* **Exercise prompt**: Copy the lines below exactly. No picture goes into the copy.

* **Data shown**:
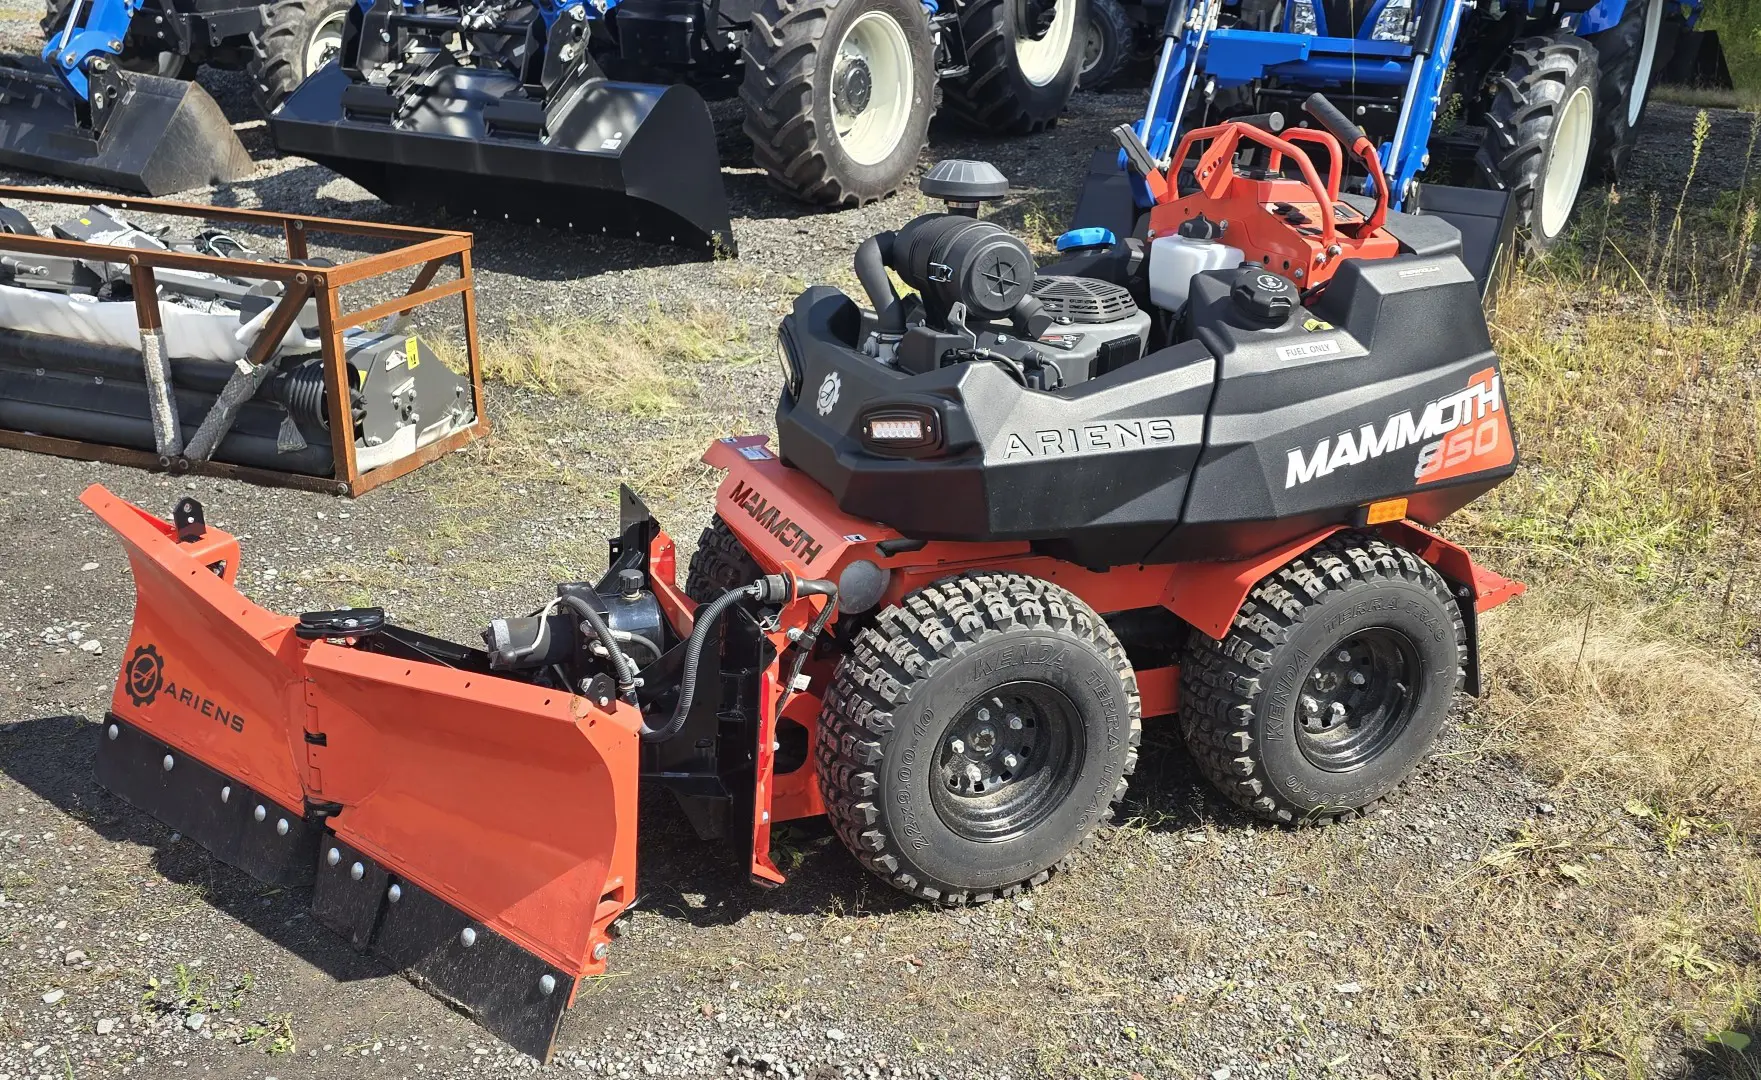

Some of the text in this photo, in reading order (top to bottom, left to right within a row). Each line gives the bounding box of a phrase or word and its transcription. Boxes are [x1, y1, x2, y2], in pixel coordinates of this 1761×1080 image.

[1285, 343, 1330, 357] FUEL ONLY
[1003, 419, 1175, 459] ARIENS
[1285, 373, 1500, 489] MAMMOTH
[1414, 418, 1498, 478] 850
[729, 480, 823, 565] MAMMOTH
[1323, 597, 1446, 642] TERRA TRAC
[974, 643, 1071, 681] KENDA
[164, 682, 244, 733] ARIENS
[1266, 648, 1310, 741] KENDA
[1076, 669, 1120, 831] TERRA TRAC
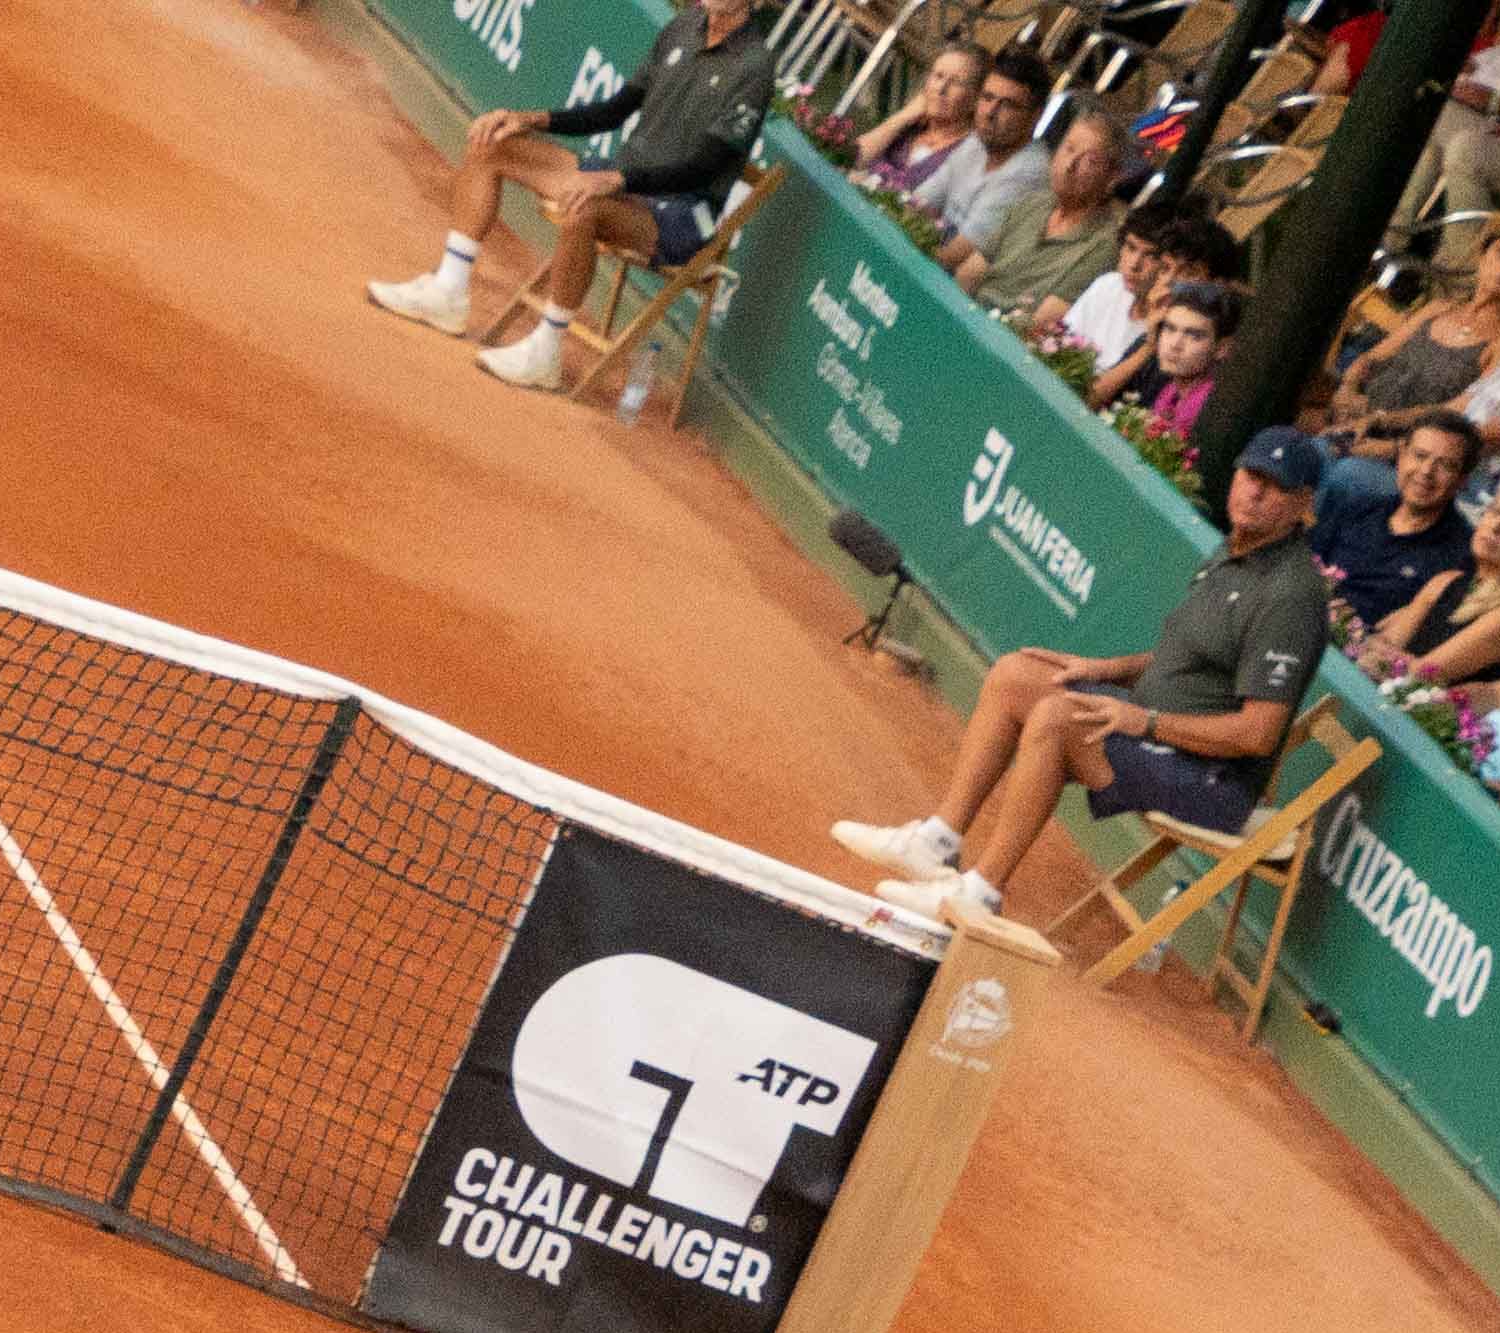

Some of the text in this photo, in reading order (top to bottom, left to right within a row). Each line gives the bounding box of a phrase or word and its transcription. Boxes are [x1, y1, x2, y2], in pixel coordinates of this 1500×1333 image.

[1319, 795, 1492, 1018] Cruzcampo
[736, 1057, 841, 1108] ATP
[437, 1196, 573, 1287] TOUR
[453, 1146, 772, 1303] CHALLENGER
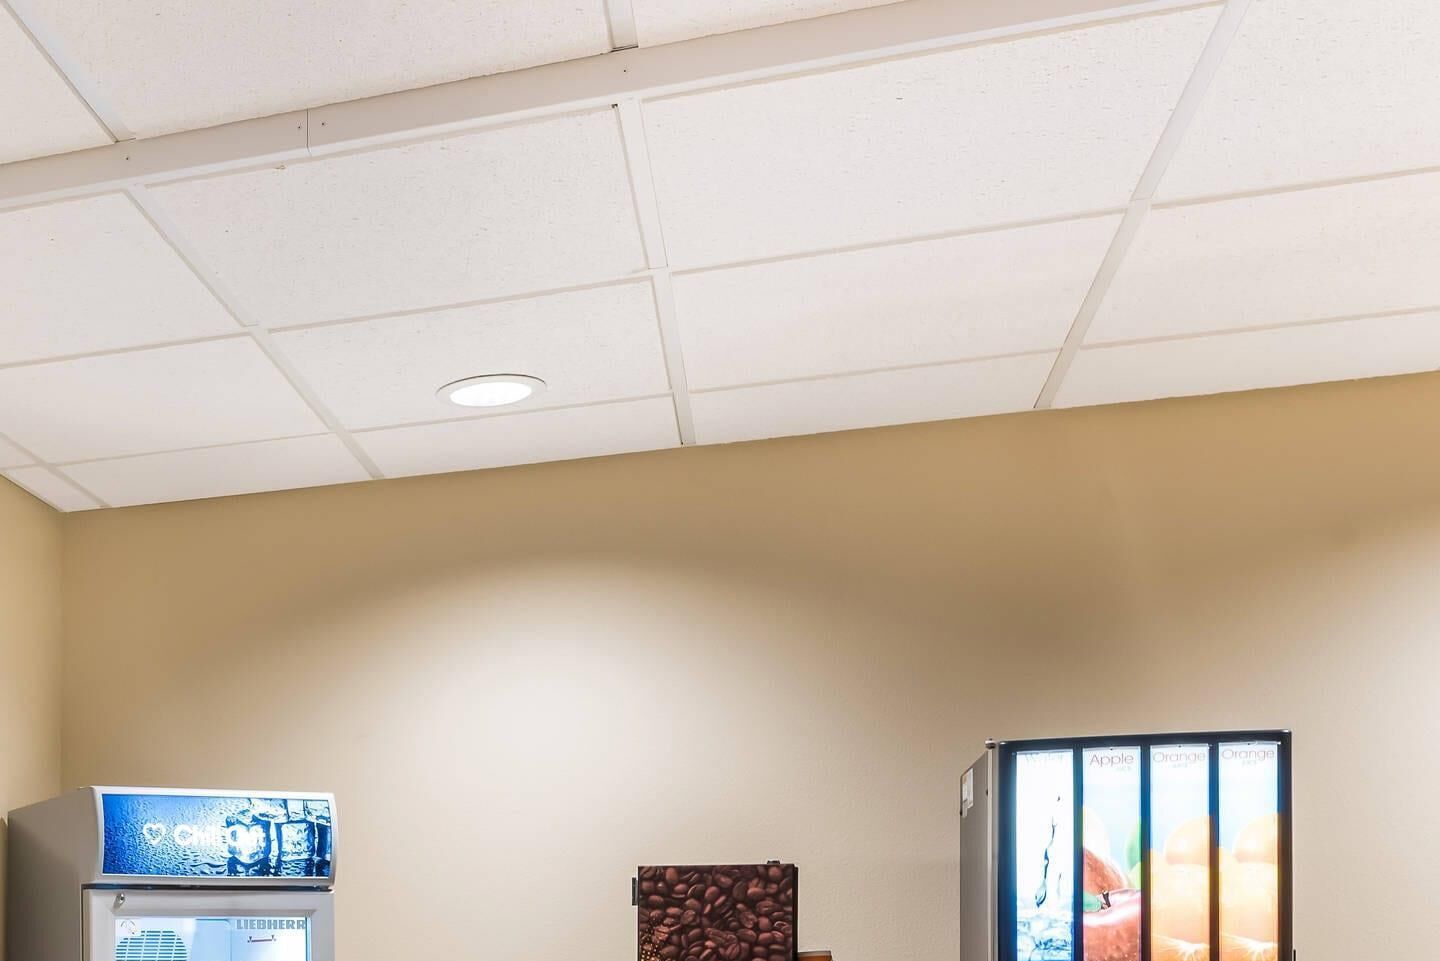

* **Result for this exercise**:
Some of the text in this photo, in reading order (top to bottom, left to right within a row). Each line gives the bounding box of a phrase or word and its transcription. Boxes are [x1, y1, x2, y2], in pixel coordinates of this 1761×1080 image.

[1285, 343, 1330, 357] FUEL ONLY
[1003, 419, 1175, 459] ARIENS
[1285, 373, 1500, 489] MAMMOTH
[1414, 418, 1498, 478] 850
[729, 480, 823, 565] MAMMOTH
[1323, 597, 1446, 642] TERRA TRAC
[974, 643, 1071, 681] KENDA
[164, 682, 244, 733] ARIENS
[1266, 648, 1310, 741] KENDA
[1076, 669, 1120, 831] TERRA TRAC

Some of the text in this photo, in reading order (top to bottom, left to right within a row). Each line gives the bounding box of a phrase or word and its transcription. Boxes are [x1, y1, x2, y2], in pixel coordinates of this 1500×1333 image.

[1319, 795, 1492, 1018] Cruzcampo
[736, 1057, 841, 1108] ATP
[437, 1196, 573, 1287] TOUR
[453, 1146, 772, 1303] CHALLENGER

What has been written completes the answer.